If you need waterproof makeup for any reason, I have tested the entire Makeup Forever line from Sephora doing underwater ballet and mermaid performance.  It does not run.  It just doesn’t.  It’s a little more expensive, but if you’re a performer who’d need that much staying power, it’s well worth it.

When you’re ready to scrape all of it off of your face at the end of the day, Target sells this eye makeup remover from the Botanics line that is… the most amazing thing ever.  Apply just a little bit to a round cotton makeup pad and swipe.  It will cut through even the Gothiest of eye makeup with no smudging, and if it gets into your eye, it doesn’t burn (please don’t pour it directly into your eyes, that is bad in other ways).  It also moisturizes the skin.  Best six bucks I ever spent.
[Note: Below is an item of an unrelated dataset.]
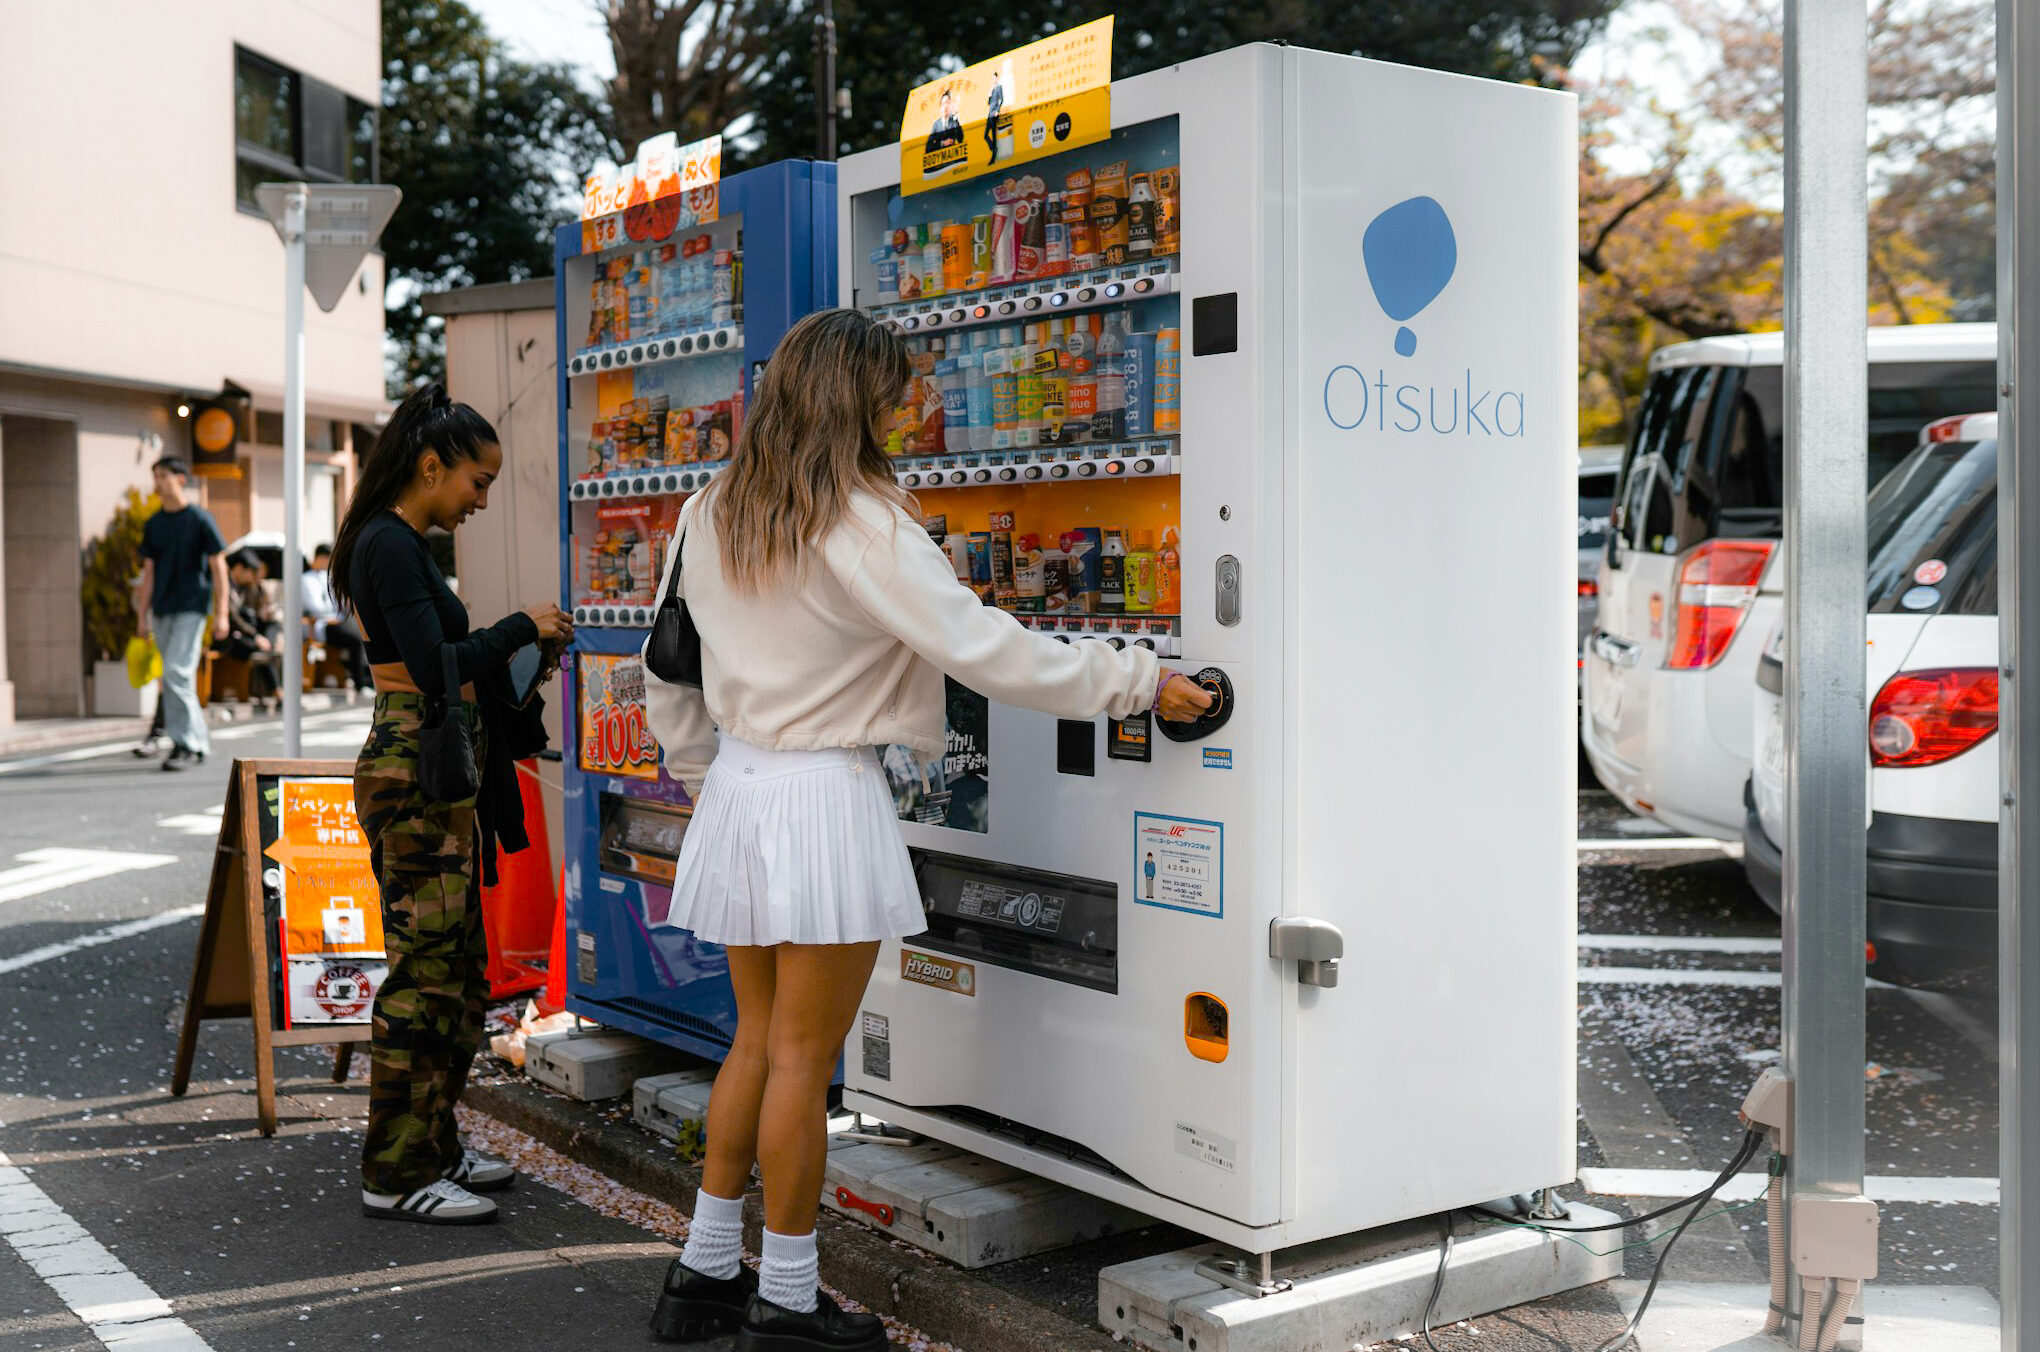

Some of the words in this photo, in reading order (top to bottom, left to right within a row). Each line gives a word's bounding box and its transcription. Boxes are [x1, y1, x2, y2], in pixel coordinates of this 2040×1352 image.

The important thing to remember is to have fun with makeup.  It’s like art for your face.  If you’re looking to experiment with a specific color and don’t want to commit to paying full price, there’s always the cheap NYC brand that’s available at most major stores for like 99 cents.  It’s decent enough to give you an idea of whether or not you love it.


I don’t know.  Wear a hat or throw some barrettes in it or something.  Seriously, I wasn’t kidding about the ponytail thing.

Protip: Never, ever try to cut your own bangs, unless you are absolutely confident in your abilities as a hairdresser.  It doesn’t end well otherwise.

The General Theme

Confidence in yourself will make you way sexier and attractive than any man-made concoction ever could.  It’s easier said than done, I know, but with a little bit of practice, you’ll learn to tune out those voices that say “But–!  But–!”  I work hard to make progress with my own self-confidence every day.  I’ve even adopted my very own sassy mantra for when I’m feeling particularly down about my appearance; I look at myself in the mirror and say “bitch, I am FLAWLESS,” complete with hair flip, and repeat until I feel like sashaying.

We’re all our own worst critics, and the hardest thing to do is find the beauty in ourselves, but I bet if we can overcome that hurdle, seeing the beauty in everyone else will become like second nature and maybe we’ll be able to overcome the stupid idea that we’re all supposed to look a certain way.